Other observable signs of addiction include shopping for doctors, hiding tramadol use, mixing tramadol with other drugs or alcohol, and using it differently than its intended purpose such as crushing and snorting the tablets.
How Does Treatment for Tramadol Work?
Tramadol is an opioid, and opioids have an uncanny ability to hijack the brain. Someone attempting to cold turkey detox from opioids is susceptible to relapse. Though it is not as addictive as other opioids, tramadol is no different.
Professional treatment is essential to achieving meaningful, sustained recovery. The process starts with medical detox, where a team of doctors, nurses, and other medical staff provide 24/7 supervision as the substance is gradually removed from your body. The medical team will also treat withdrawal symptoms that crop up.
Clients who have severe cases of abuse or engage in tramadol use, along with other substances, may be recommended for residential treatment.
A residential program provides housing and treatment to clients, who will be the beneficiaries of a comprehensive program intended to address the mental and emotional aspects of addiction.
Here are the evidence-based therapy approaches employed in residential treatment:
- Life skills training
- Behavioral therapy
- Group therapy
- Motivational interviewing
- Family therapy
Milder cases of addiction are recommended for outpatient treatment, which gives clients access to therapy and counseling. The difference is they receive treatment on a part-time basis and live at home or some other independent housing.
Once treatment is complete, recovery is not. Because addiction is a lifelong affliction, having access to a supportive community is essential to avoiding relapse.

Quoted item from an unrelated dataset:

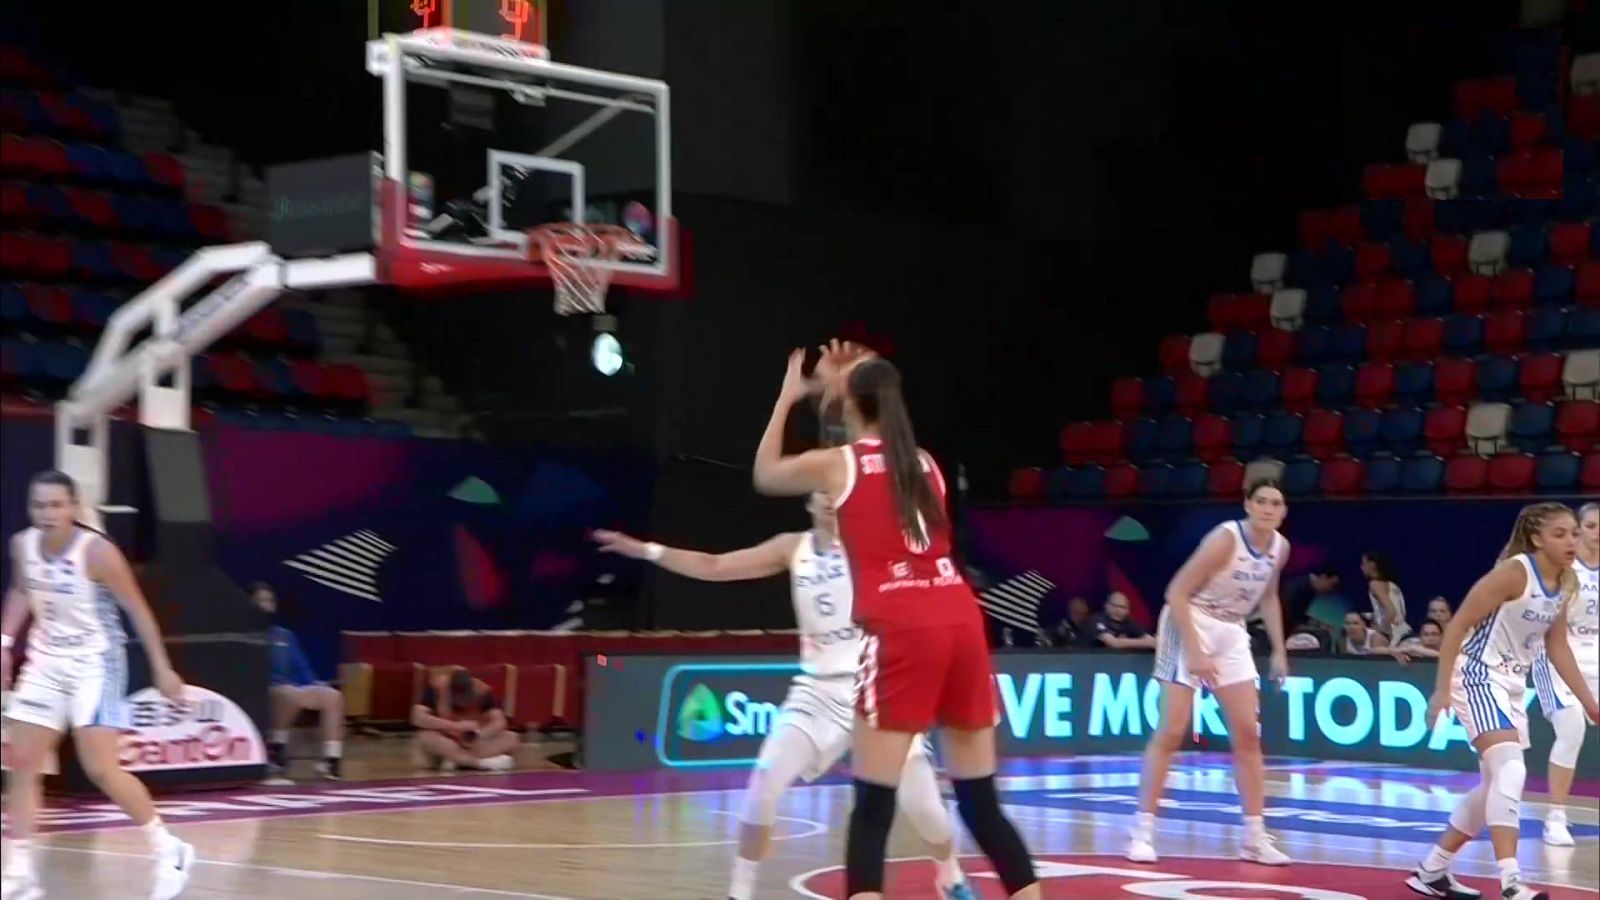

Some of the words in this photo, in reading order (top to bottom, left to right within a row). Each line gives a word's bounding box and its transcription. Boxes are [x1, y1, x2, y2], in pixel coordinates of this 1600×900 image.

That’s where relapse prevention comes in. Through this program, you can get connected to an inspiring community that is vested in your long-term recovery.
How Dangerous is Tramadol?
Tramadol overdose is life-threatening. Chief among those deadly effects is respiratory depression, a condition in which breathing slows, becomes shallow, or stops completely resulting in death.
The threat of overdose increases when people abuse tramadol with other substances.
The following are overdose symptoms associated with tramadol, according to MedlinePlus.gov:
- Pinpoint pupils
- Slowed heartbeat
- Difficulty breathing
- Cold, clammy skin
- Extreme drowsiness
- Muscle weakness
Though rare, users who take too much tramadol risk succumbing to a condition known as serotonin syndrome.
This condition can occur when someone accumulates too much serotonin, resulting in “symptoms that can range from mild (shivering and diarrhea) to severe (muscle rigidity, fever, and seizures). Severe serotonin syndrome can be fatal if not treated,” states the Mayo Clinic. The mild symptoms of serotonin syndrome include:
- Agitation or restlessness
- Loss of muscle coordination or twitching muscles
- Rapid heart rate
- High blood pressure
- Muscle rigidity
- Dilated pupils
- Heavy sweating
The life-threatening effects of serotonin syndrome include:
- High fever
- Irregular heartbeat
If you suspect that you or a loved one has succumbed to tramadol overdosed or is showing signs of serotonin syndrome, please call 911 immediately or go to the nearest emergency room.
Tramadol Abuse Statistics
- In 2016, almost 19.5 million tramadol prescriptions were written, according to ClinCalc.com.
- The Substance Abuse and Mental Health Services Administration (SAMHSA) estimates that between 2005 and 2011, tramadol related emergency department (ED) visits increased by 250 percent.
- Illustrating the dangers this drug poses to older adults, SAMHSA also states that between 2005 and 2011, tramadol-related ED visits for patients 55 and up rose by 481 percent.